Inkana Putri - detikNews
Kamis, 17 Jun 2021 18:14 WIB
Wakil Ketua MPR Syarief Hasan
Foto: MPR
Jakarta -

Wakil Ketua MPR Syarief Hasan menyoroti isu perpanjangan masa jabatan Presiden dan Wakil Presiden RI hingga tahun 2027. Menurutnya, perpanjangan masa jabatan hingga tahun 2027 bertentangan dengan konstitusi negara Indonesia.

Adapun pada Pasal 7 UUD NRI 1945 tertuang bahwa batasan masa jabatan Presiden dan Wakil Presiden RI hanya lima tahun. Selanjutnya, Presiden dan Wapres dapat kembali dipilih dalam masa jabatan yang sama.

"Di dalam UUD, tegas disebutkan bahwa presiden dan wapres memegang jabatan selama lima tahun, dan sesudahnya dapat dipilih kembali dalam jabatan yang sama, hanya untuk satu kali masa jabatan," ujar Syarief dalam keterangannya, Kamis (17/6/2021).

"Dari Pasal 7 tersebut, kita bisa menarik kesimpulan bahwa masa jabatan presiden hanya sampai 5 (lima) tahun atau hanya sampai tahun 2024. Tidak boleh kurang, tidak boleh lebih," imbuhnya.

Terkait hal ini, Anggota Majelis Tinggi Partai Demokrat ini pun menolak adanya amandemen UUD NRI 1945, termasuk soal perubahan masa jabatan Presiden dan Wapres RI.

"Saya atas nama Pimpinan MPR RI dari Partai Demokrat menyatakan menolak rencana amandemen UUD NRI 1945, termasuk menolak rencana perpanjangan masa jabatan hingga 2027," ungkapnya.

Lebih lanjut Syarief menjelaskan sejak awal Partai Demokrat menegaskan penolakannya terhadap amandemen UUD NRI 1945. Termasuk isu perpanjangan masa jabatan presiden hingga tahun 2027 atau 8 tahun, serta isu penambahan periode masa jabatan Presiden dan Wakil Presiden RI hingga 3 periode.

Pasalnya, menurut Syarief, isu tersebut dapat berpotensi memunculkan kekuasaan yang absolut dan merusak.

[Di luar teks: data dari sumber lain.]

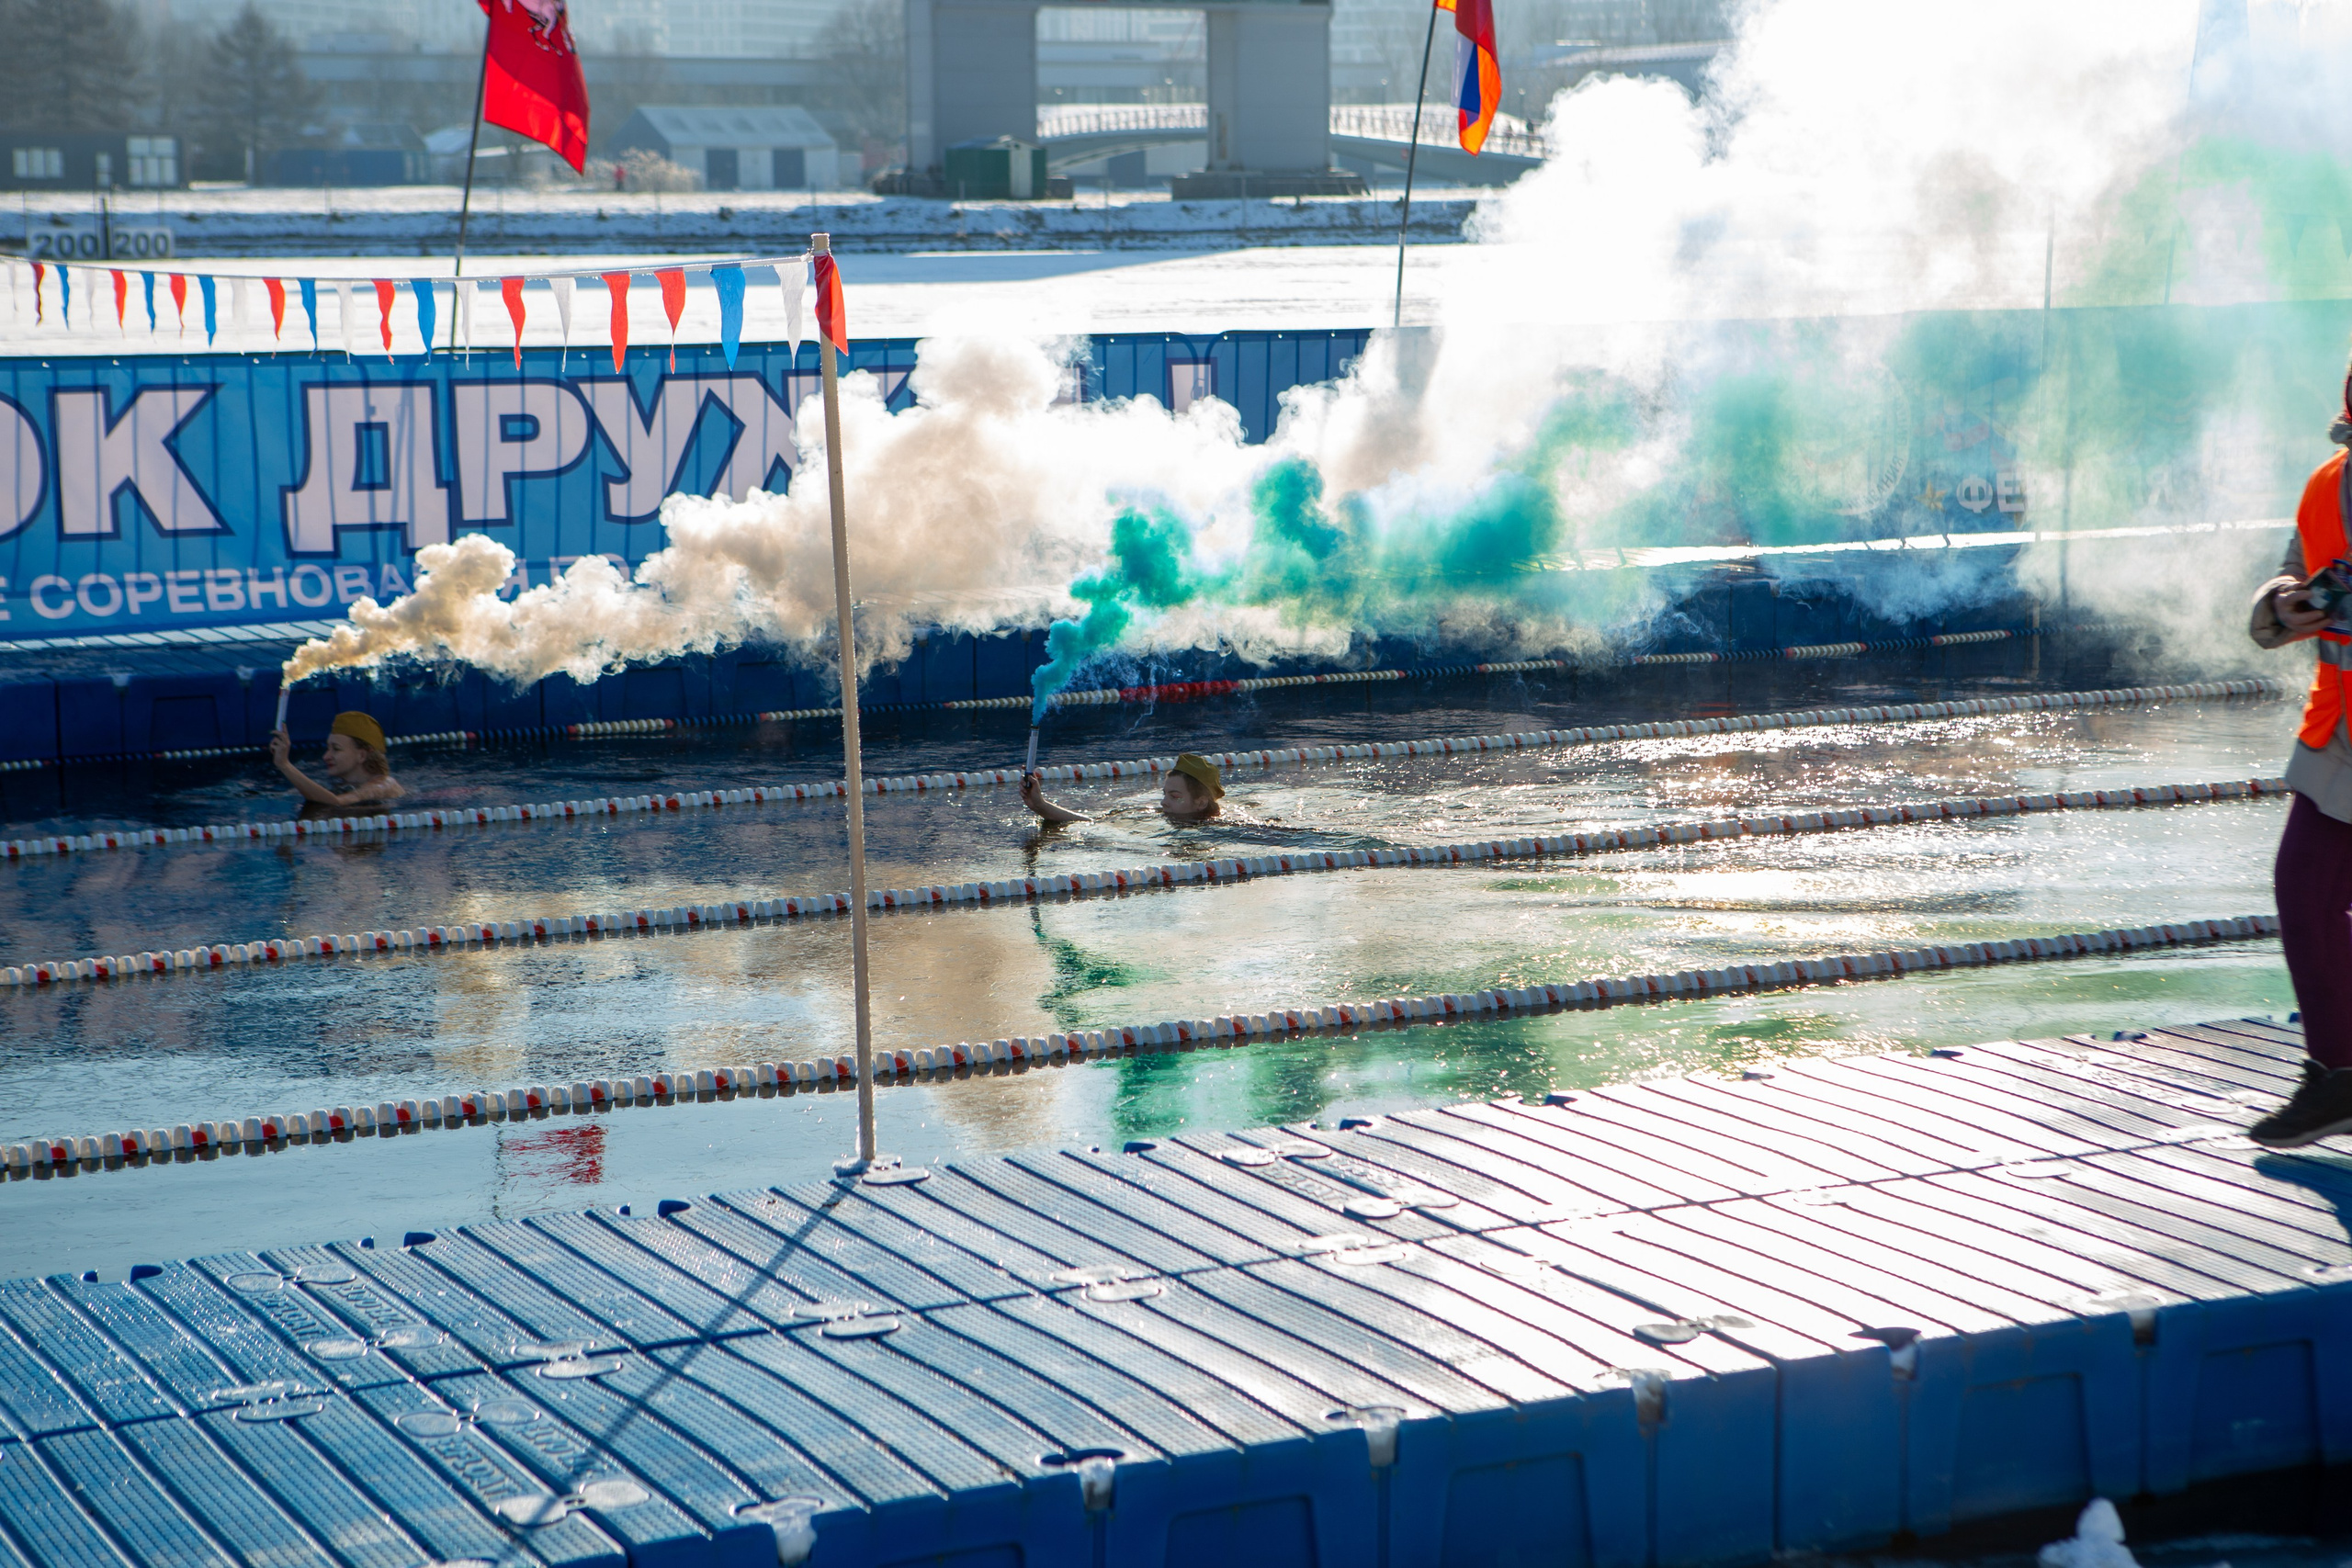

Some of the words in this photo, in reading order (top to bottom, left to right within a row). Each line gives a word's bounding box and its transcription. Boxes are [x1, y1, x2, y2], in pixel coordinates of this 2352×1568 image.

[33, 233, 97, 259] 200
[115, 232, 169, 258] 200
[29, 557, 531, 621] СОРЕВНОВАЯ

"Berbagai kajian akademis menyebut bahaya dari kekuasaan yang absolut. Power tends to corrupt, absolute power corrupt absolutely. Kekuasaan cenderung korup, kekuasaan mutlak cenderung merusak," katanya.

Politisi Senior Partai Demokrat ini pun menyampaikan bahwa iklim demokrasi dapat tetap terjaga dengan masa jabatan dan periode yang tidak berlebihan.

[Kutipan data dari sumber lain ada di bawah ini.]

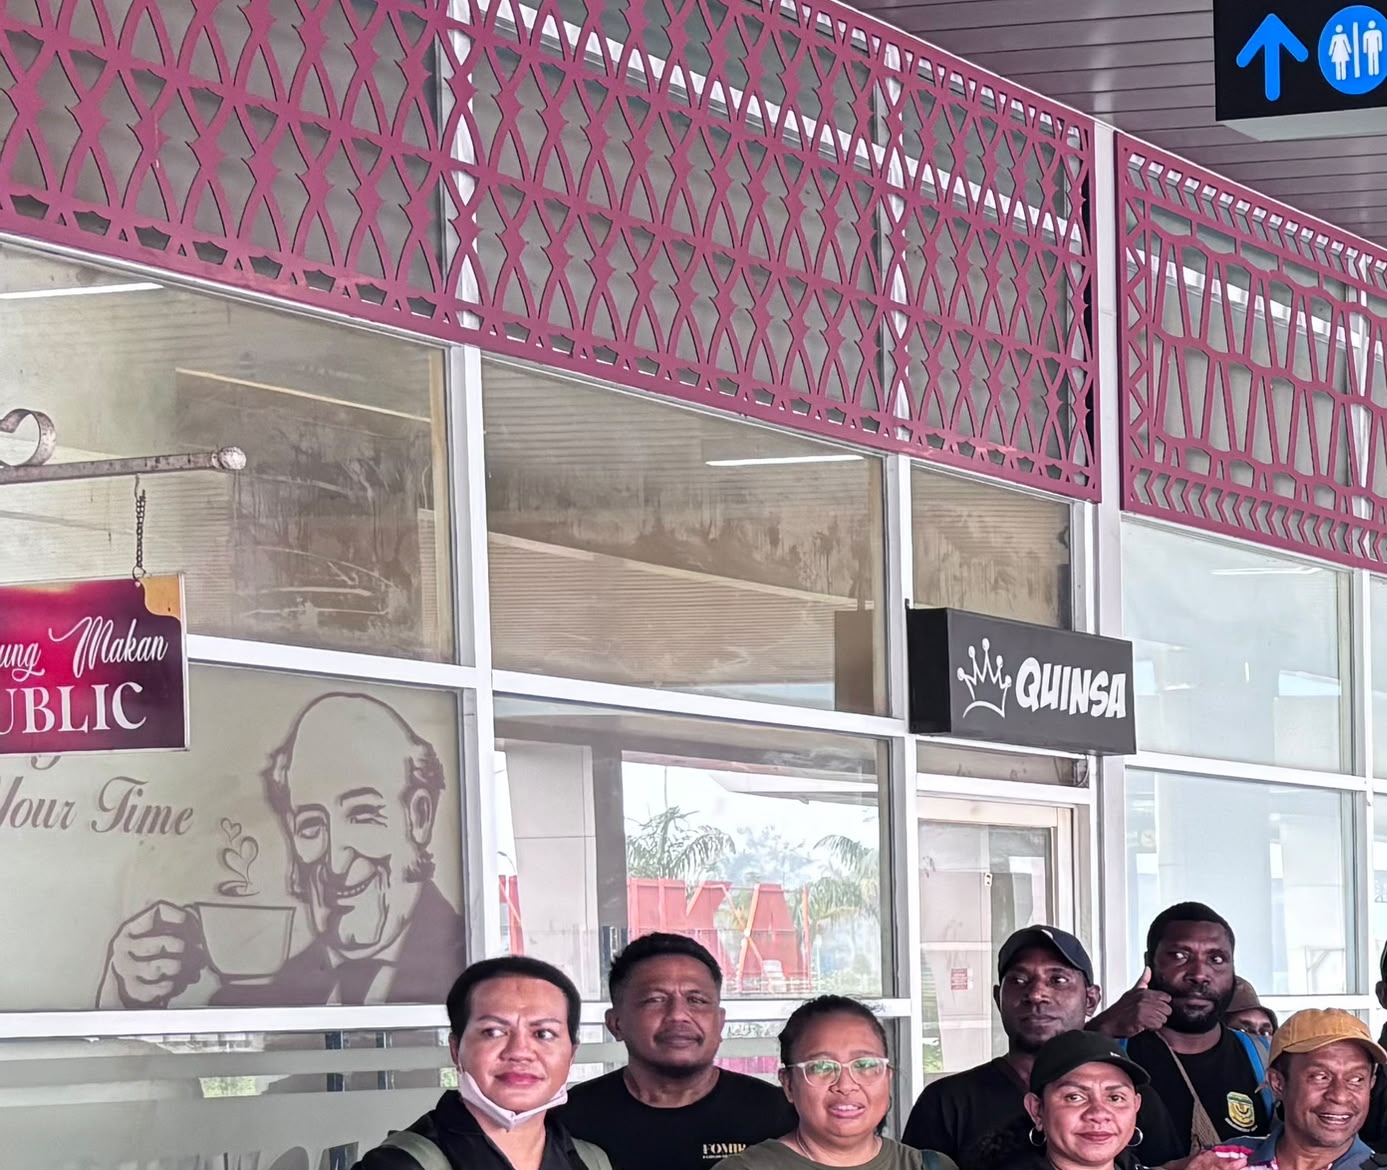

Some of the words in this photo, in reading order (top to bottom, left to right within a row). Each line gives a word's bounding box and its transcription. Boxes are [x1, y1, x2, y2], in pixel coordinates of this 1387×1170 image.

[0, 641, 45, 682] ung
[48, 616, 169, 678] Makan
[1016, 657, 1126, 719] QUINSA
[91, 776, 194, 835] Time
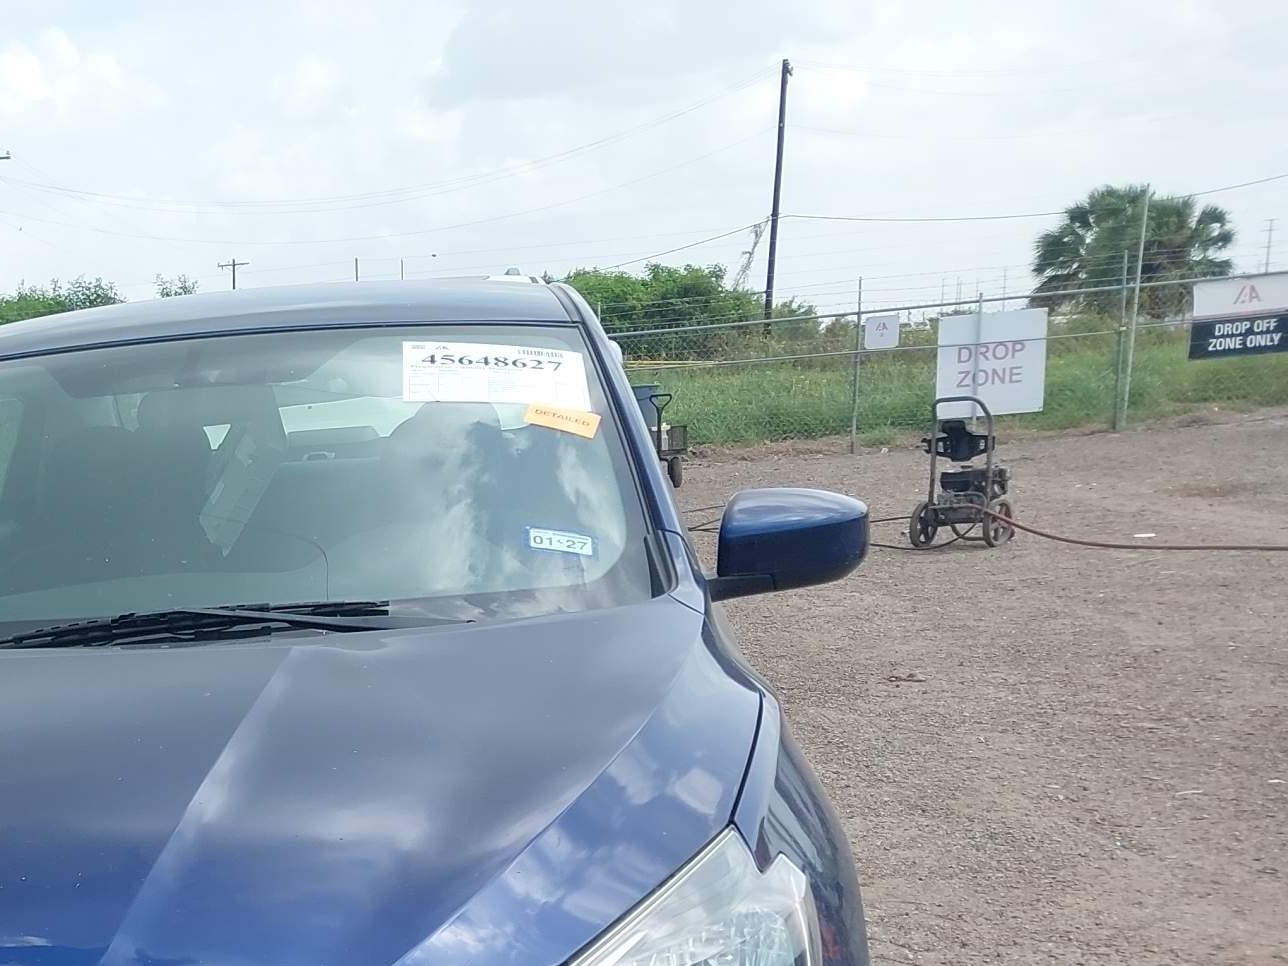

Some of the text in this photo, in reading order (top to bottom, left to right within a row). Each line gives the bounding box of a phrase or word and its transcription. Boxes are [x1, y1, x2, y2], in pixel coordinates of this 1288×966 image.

[1215, 318, 1279, 336] DROP OFF
[1208, 332, 1283, 351] ZONE ONLY
[421, 353, 562, 371] 45648627
[957, 341, 1026, 364] DROP
[956, 366, 1023, 388] ZONE
[534, 408, 590, 427] DETAILED

"Reformasi sebagai bentuk perbaikan tata kelola pemerintahan menuntut masa jabatan terbatas hanya 5 (lima) tahun dan maksimal 2 (periode) sebagai bentuk koreksi atas sejarah kekuasaan absolut masa lalu dan agar iklim demokrasi tetap terjaga," pungkasnya.